Neutrosophic logic is a development of fuzzy logic to deal with uncertainty and imprecision in information, and it consists of vectors or elements (true, false, indeterminacy), as the vector of the correct part consists of the data whose validity has been confirmed. While the erroneous part includes data whose existence has been verified to be false, while the unspecified part represents data whose correctness or error cannot be clearly determined. In this thesis, new probability distributions were proposed, namely (the exponential distribution of the neutrosophic transform, the Rayleigh distribution of the neutrosophic transform, Weibull distribution of the neutrosophic transform) using the transformation rule (TLRT) to obtain more flexible distributions in modeling the original (real) data, then converting these distributions to neutrosophic vectors and generating a set of data using the simulation method, which is distributed according to the distributions used and using different values and different sample sizes using… Monte Carlo method, where three distribution models were identified (the Exponential neutrosophic transform, the Rayleigh neutrosophic transform) and five distribution models (the Weibull neutrosophic transform).

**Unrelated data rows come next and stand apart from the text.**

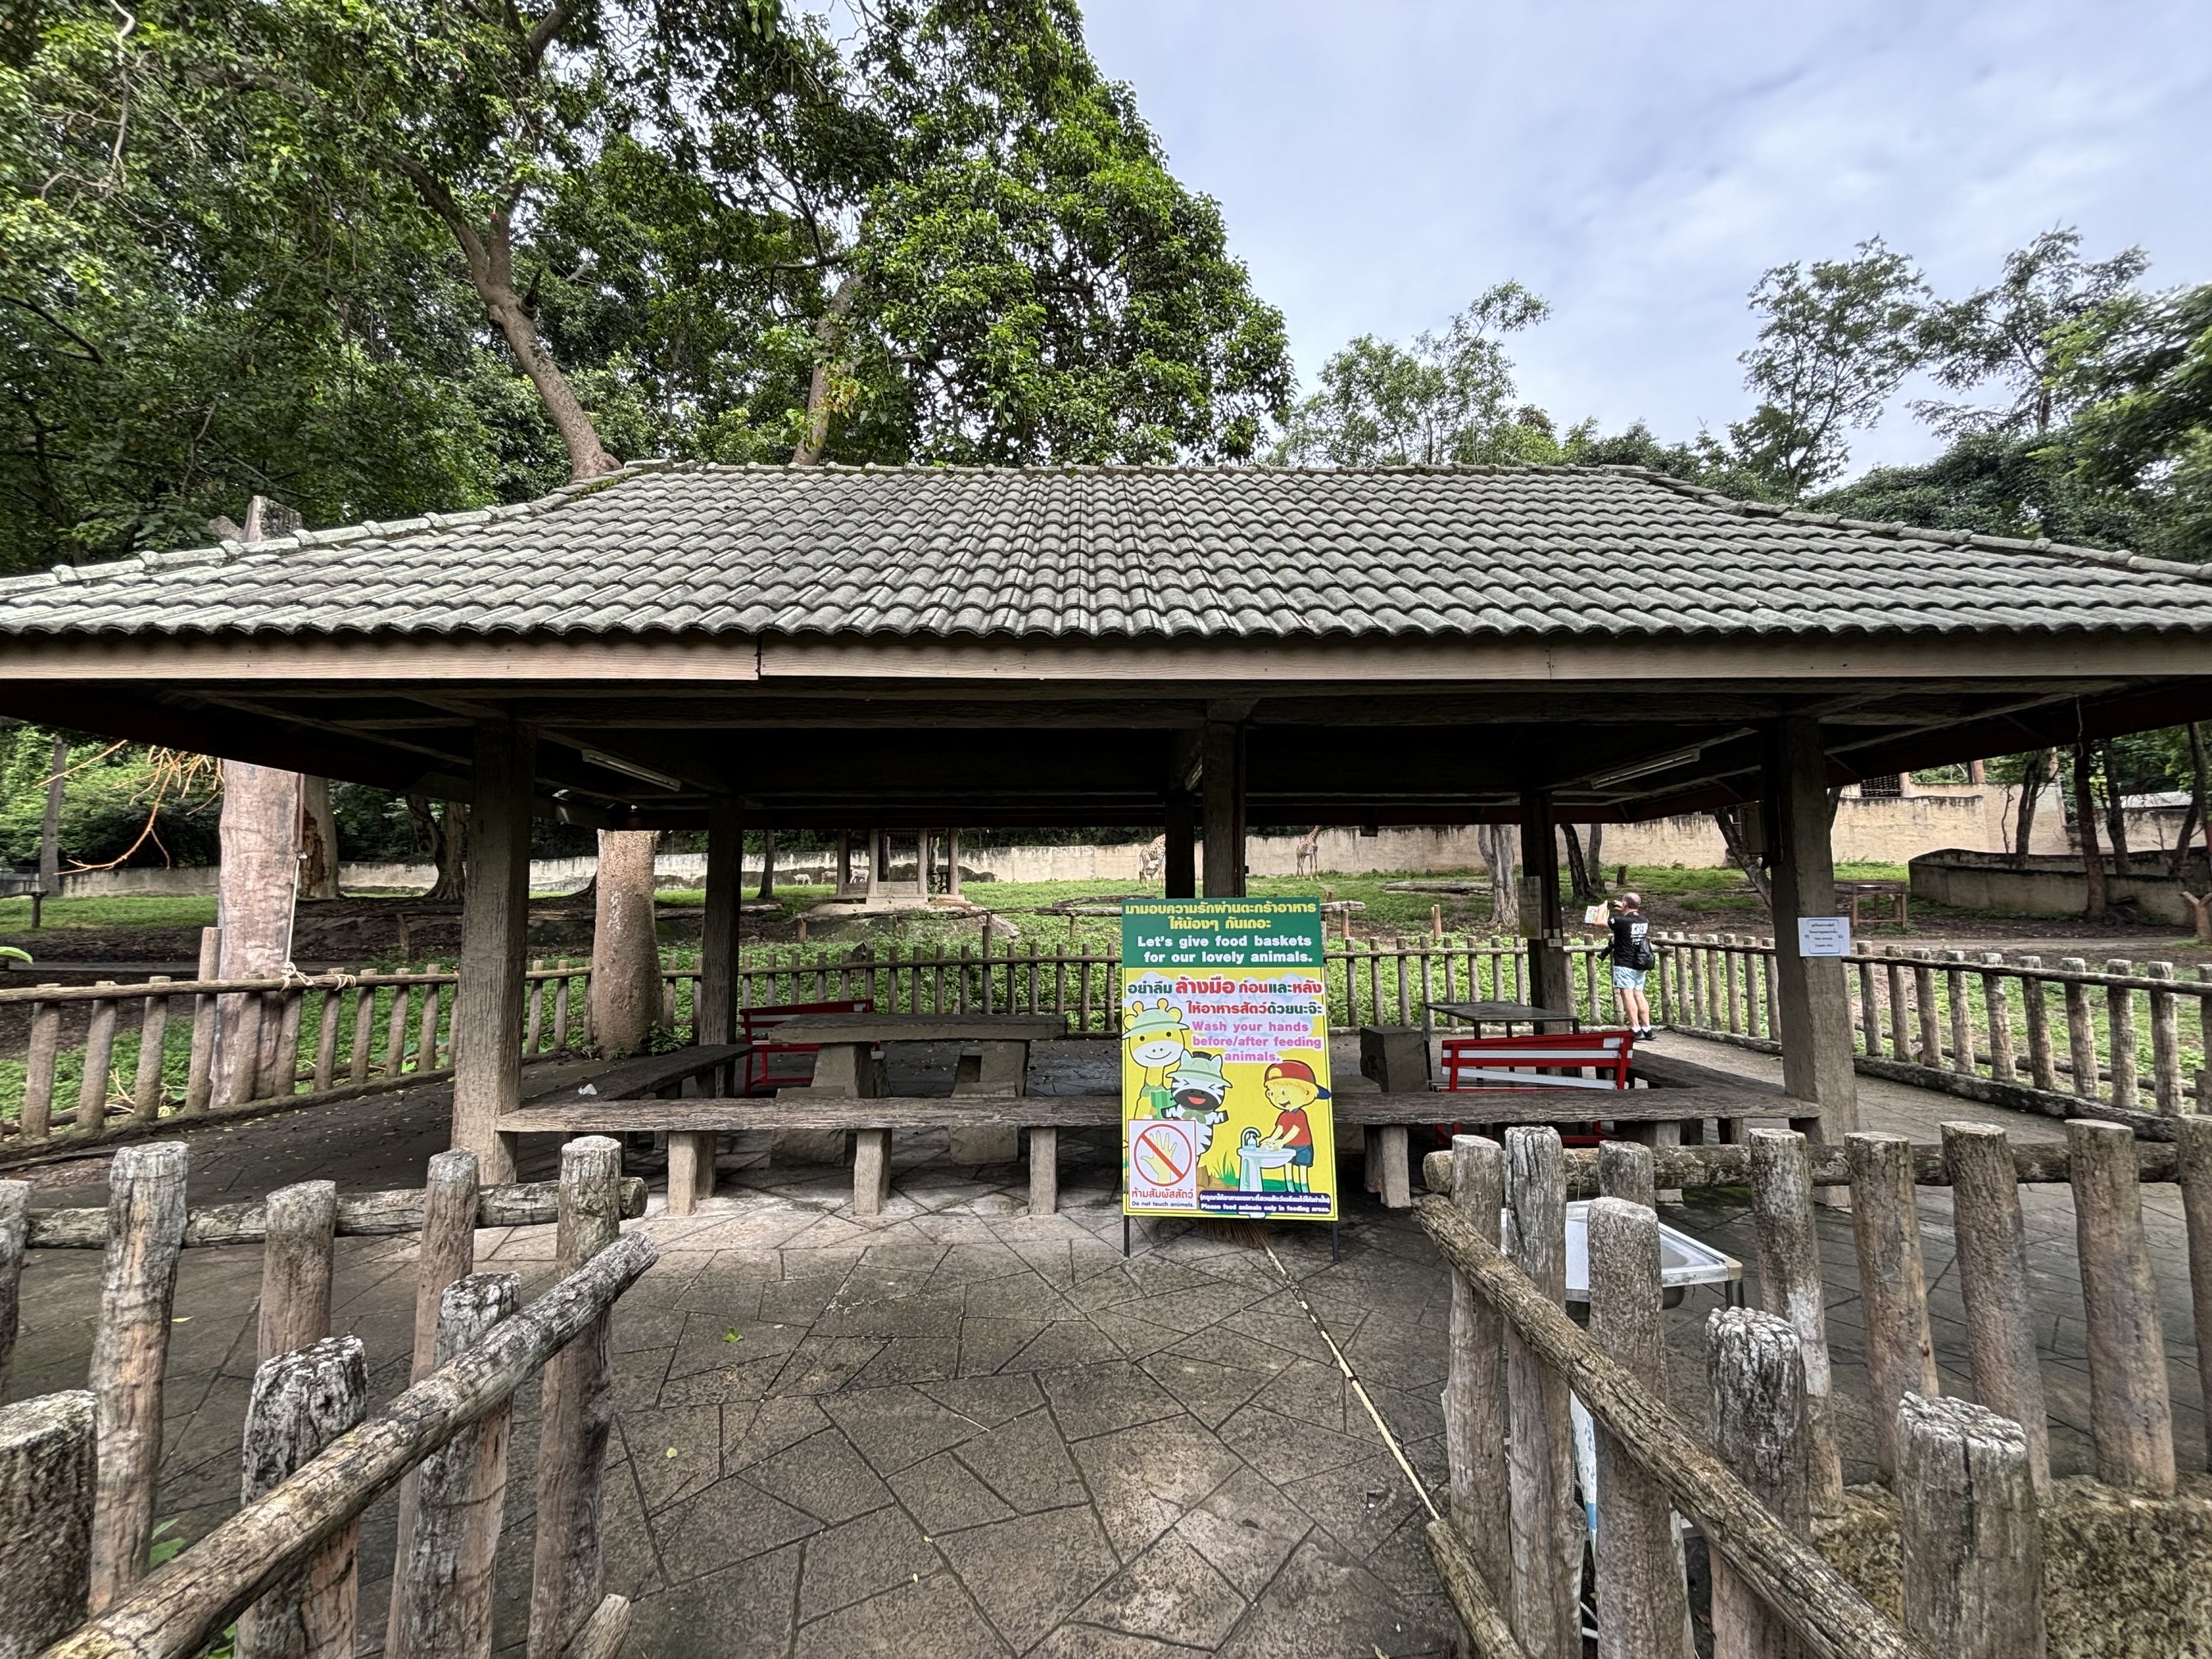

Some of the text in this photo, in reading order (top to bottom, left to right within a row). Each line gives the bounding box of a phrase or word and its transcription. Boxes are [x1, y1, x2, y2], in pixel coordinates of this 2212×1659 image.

[1125, 900, 1316, 915] มามอบความรักผ่านตะกร้าอาหาร
[1167, 916, 1272, 932] ให้น้องๆ กันเถอะ
[1179, 935, 1209, 949] give
[1215, 935, 1247, 947] food
[1253, 935, 1312, 946] baskets
[1144, 950, 1313, 965] for our lovely animals.
[1128, 980, 1173, 994] อย่าลืม
[1175, 975, 1236, 995] ล้างมือ
[1192, 1022, 1310, 1033] Wash your hands
[1193, 1035, 1322, 1049] before/after feeding
[1224, 1051, 1281, 1062] animals.
[1131, 1187, 1194, 1199] ห้ามสัมผัสสัตว์

The parameters of the proposed distributions were estimated and an estimate of the neutrosophic Reliability function was obtained using estimation methods (maximum potential, ordinary least squares, weighted least squares) and comparison between them using the standard mean square error (MSE) and mean square integral error (IMSE) for the three vectors (true, false, indeterminate). It was concluded that the maximum possibility method is the best in estimation and that the indefinite vector is the best vector to represent the data. As for the applied aspect, the proposed distributions were applied practically to real data. The proposed distributions were applied practically to real data, obtained from a station. Diesels east of Holy Karbala, in which the engine stoppage (malfunction) data is compiled, and that these data represent the working times until failure (malfunction) of the (fuel oil purification) device, represented in hours relative to the month, with the aim of modeling it according to the proposed distributions and then estimating the reliability function using the method MLE and the indefinite vector, which simulation experience has proven superior to other methods.